According to Matt Moore of CBS Sports and Hardwood Paroxysm, the Denver Nuggets and Gary Harris are very close on finalizing a contract extension.

Matt is as closely connected with the Nuggets as any writer out there so his statements should be taken as very accurate. The Nuggets have been talking about signing Harris to an extension since April and Adrian Wojnarowski stated last week that now that the Mason Plumlee deal has been finalized, Harris’ extension was the next business matter to attend to.

Chris Haynes of ESPN reported yesterday that the Nuggets are working on an extension with Will Barton and naturally, given the fact that Barton and Harris play the same position, speculation started to rise that perhaps the Nuggets were not as bully about getting Harris signed long term as it appeared. Matt’s statement indicates that is not the case. The Nuggets have until October 16th, two days before they tip off the regular season against the Utah Jazz, to get a deal done with Harris. If they are unable to he will become a restricted free agent at the end of the season assuming the Nuggets offer him the qualifying offer which is a foregone conclusion.

The perhaps more difficult part of the extension is how the Nuggets will maintain cap flexibility to continue to be able to add talent via free agency and how they can avoid paying the luxury tax. With Paul Millsap and Plumlee occupying around 44% of the total salary cap, and with Nikola Jokic all but guaranteed to be making around $25 million starting next season, extensions for Harris and Barton make the cap situation fairly sticky.

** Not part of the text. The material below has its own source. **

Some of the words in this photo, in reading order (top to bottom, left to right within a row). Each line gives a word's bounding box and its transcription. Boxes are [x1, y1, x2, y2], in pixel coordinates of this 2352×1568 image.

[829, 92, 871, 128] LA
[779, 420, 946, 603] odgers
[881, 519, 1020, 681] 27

Denver has some options available to them in the form of trying to move other players salary via trade or allowing players to leave via free agency if they decline their player options, but one way or another longer term and higher priced veterans such as Wilson Chandler and Kenneth Faried will likely have to play for other teams in order for the Nuggets to maintain some sort of financial flexibility.

While CBA rules limit Barton from getting more than approximately $10 million per season, Harris will be eligible for a much more lucrative contract extension due to the fact that he is still playing under a rookie contract. The Nuggets likely want to avoid a situation like we saw with Otto Porter of the Washington Wizards last season where a strong performance led to a maximum offer from the Brooklyn Nets. Not wanting to let a talented young player go, the Wizards were forced to match Brooklyn’s offer even though giving a max deal to Porter is likely an overpay. If Denver can negotiate an extension now they get to do so on their own terms, which is obviously more amenable to them.

While a $25 million dollar a year contract like Porter got is not likely in the cards, its still reasonable to expect Harris to command a sizeable chunk of the Nuggets salary cap. J.J. Redick, albeit on a 1 year deal, was given $23 million per season by the Philadelphia 76ers, a benchmark that Harris’ agent will no doubt point to. However, the Nuggets will likely counter by referencing Dion Waiters’ deal which was only $13 million per season. Given Harris is only 23 years old, his upside will likely play a role in negotiations meaning he’s probably going to end up closer to Redick’s number than Waiters’. A fair bet is to anticipate the Nuggets offering something around 4 years, $80 million.

Denver continues to show they are willing to spend to keep their talent and Harris, a very talented young player who is also a member of coach Michael Malone’s newly formed leadership council and strong team advocate, is certainly someone they want to keep in the fold. As President of Basketball Operations Tim Connely said in April “(Harris) is going to be here for a long time.” This news should be re-assuring to Nuggets fans that the organization intends to spend what it takes to keep together the young and talented core they are building.